Este rizar el rizo es la queja en estado puro, la acción
verdaderamente inútil y destructiva de cuanto podemos crear,
incluyéndonos a nosotros mismos.
De
entre esos expertos en “señalar” las quejas ajenas, los más
peligrosos son quienes se creen que es eso justamente lo que están
haciendo: señalar un hecho; sin ser conscientes de que su verdadera
acción es quejarse de la queja que ven en los demás, que realmente
ven reflejada en los demás. No son capaces por ello de descubrir que
realmente se están quejando de su propia desconfianza y sentimiento
de impotencia.
Hay
también otro tipo de quejoso de la queja:
aquella persona que realmente sabe qué
está haciendo pero finge estar señalando un hecho desde una
posición privilegiada de sabiduría o desde su aguda observación.

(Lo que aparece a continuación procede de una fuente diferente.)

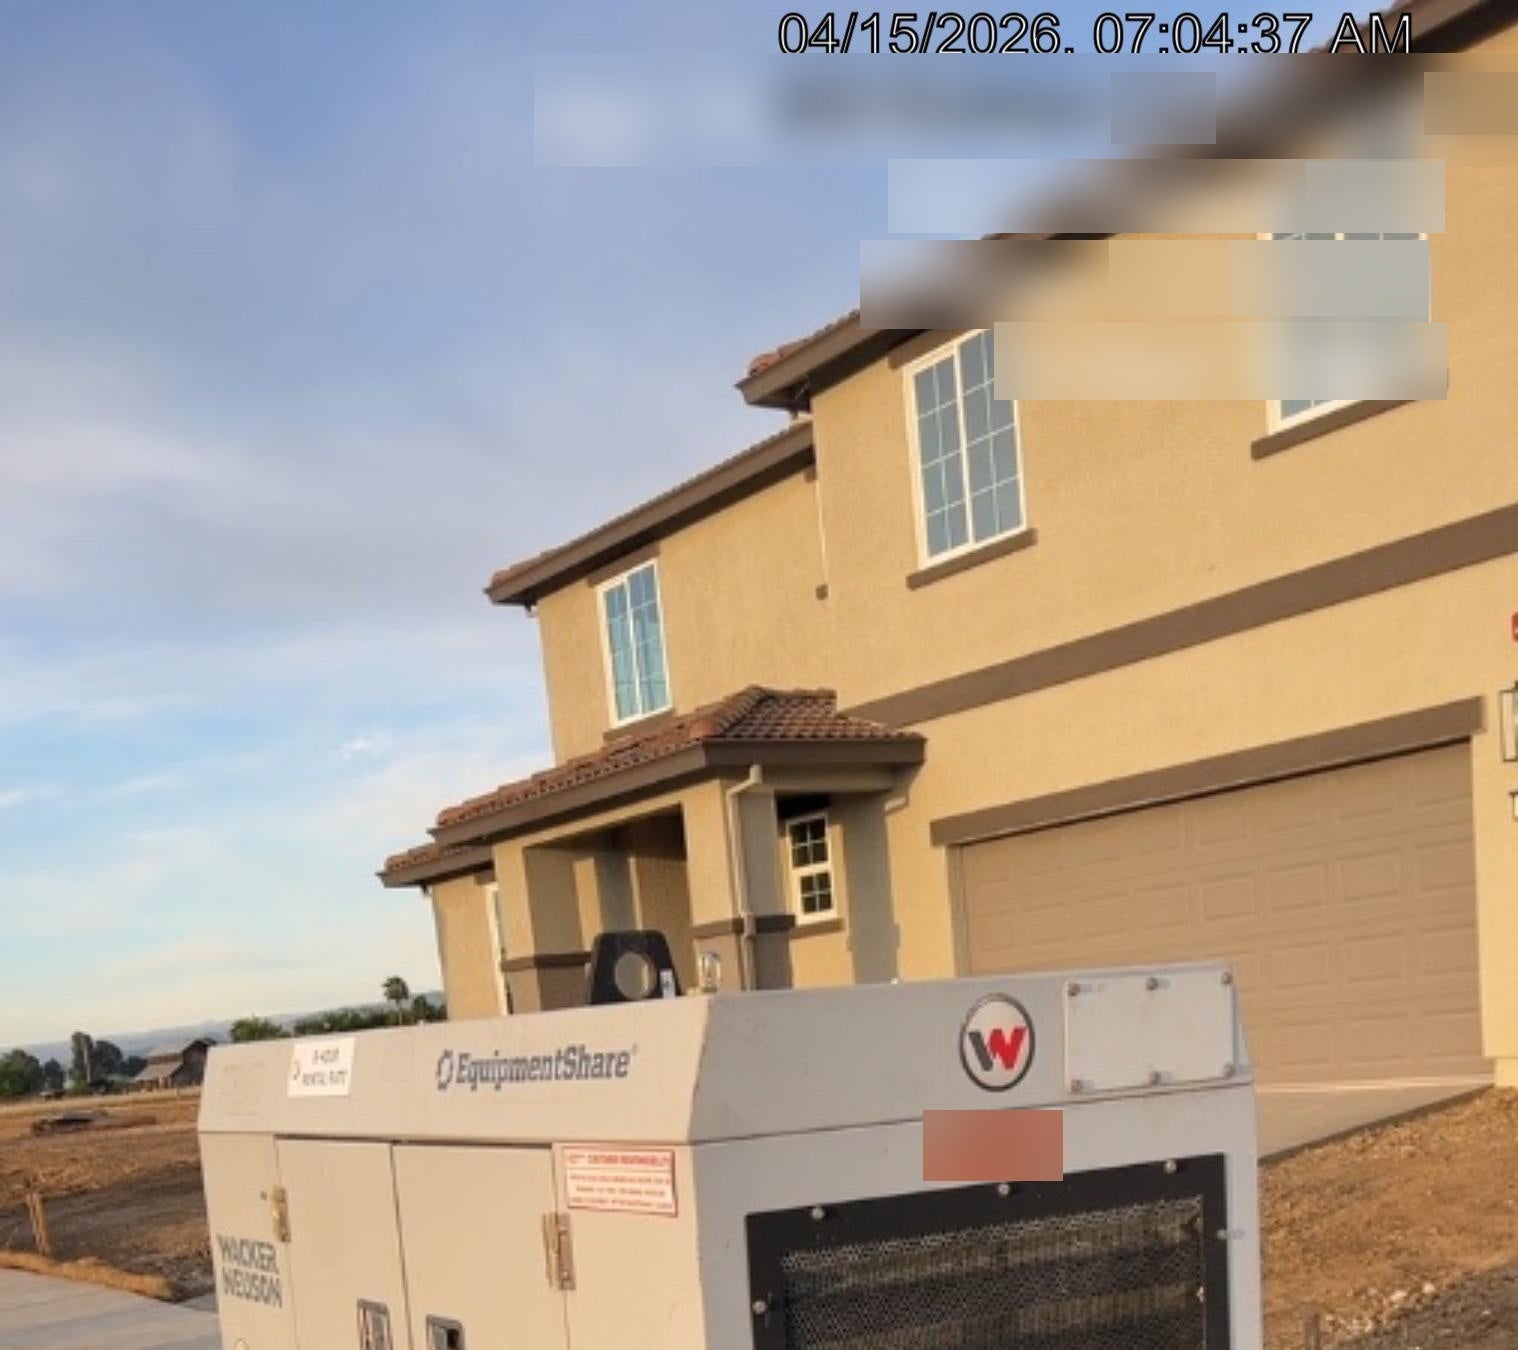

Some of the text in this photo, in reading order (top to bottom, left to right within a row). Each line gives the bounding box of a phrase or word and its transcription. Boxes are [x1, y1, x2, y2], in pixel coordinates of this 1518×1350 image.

[456, 1043, 631, 1092] EquipmentShare
[216, 1232, 280, 1276] WACKER
[221, 1266, 283, 1309] NEUSON
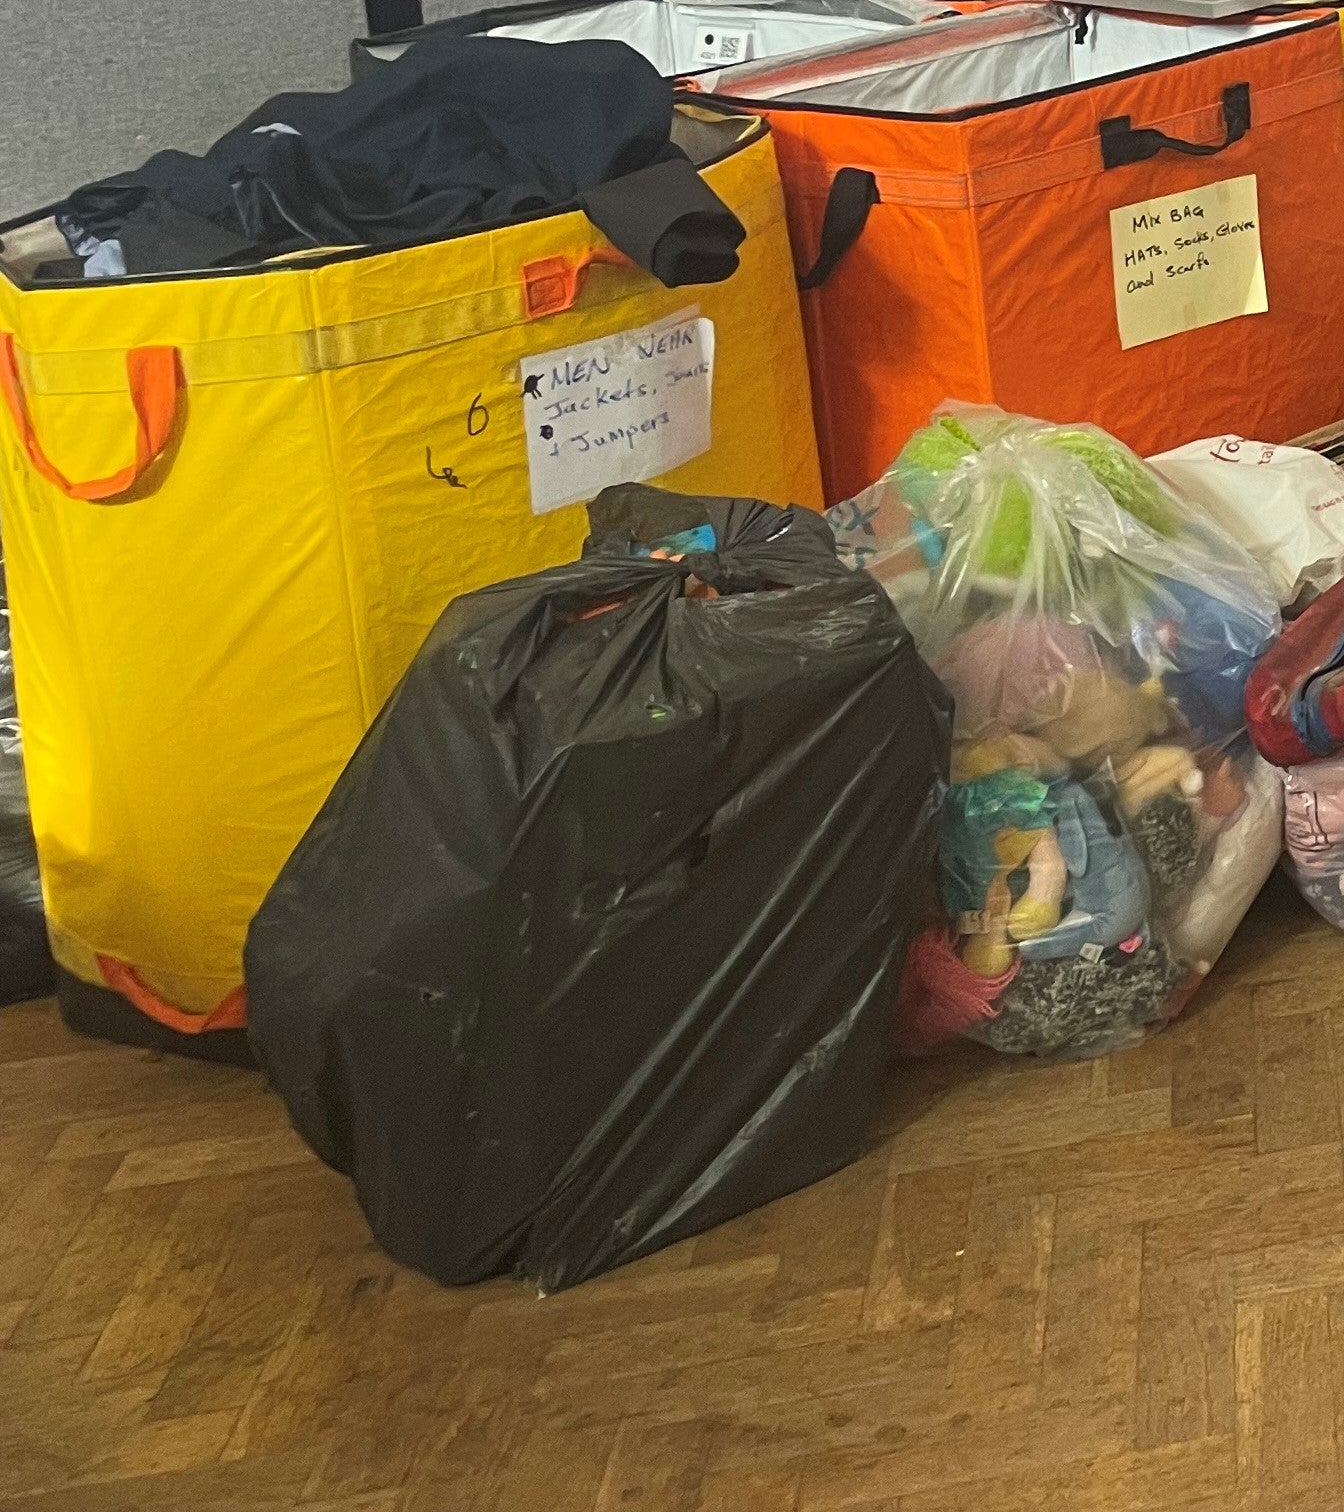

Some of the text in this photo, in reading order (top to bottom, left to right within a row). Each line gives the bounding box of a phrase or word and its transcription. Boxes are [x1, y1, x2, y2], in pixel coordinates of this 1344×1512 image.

[1169, 205, 1205, 223] BAG
[550, 355, 610, 391] MEN
[572, 410, 671, 453] Jumpers

Estos son los verdaderamente manipuladores, pero es
precisamente a ellos a
quienes se les
descubre
con más facilidad: únicamente
las personas sojuzgadas mediante la sumisión o que han comprado la
autodestrucción que les han vendido, pueden ser engañadas una y
otra vez con el cuento de que son “malos” porque siempre se están
quejando.
Como
bien señala Darwin Grajales en una de sus hermosas canciones, la
superación de la queja es la acción; elegir actuar para salir
del problema o de la situación
que no se desea en lugar de quejarse porque se está en esa situación
o se tiene ese problema. Cualquier otra elección o es engaño o
abandono de la vida consciente y plena.
Abu
Fran. Abdal
NOTAS:
(1)
Quiero
recordar aquí las palabras de Gandhi, que aunque no dicen nada que
no sepamos todos, conviene refrescarlo:
“La
vida me ha enseñado:
que
la gente es amable, si yo soy amable;
que
las personas están tristes, si estoy triste;
que
todos me quieren, si yo los quiero;
que
todos son malos, si yo los odio;
que
hay caras sonrientes, si les sonrío;
que
hay caras amargas, si estoy amargado;
que
el mundo está feliz, si yo soy feliz;
que
la gente se enoja, si yo me enojo;
que
las personas son agradecidas, si yo soy agradecido.
La
vida es como un espejo: Si sonrío, el espejo me devuelve la
sonrisa.”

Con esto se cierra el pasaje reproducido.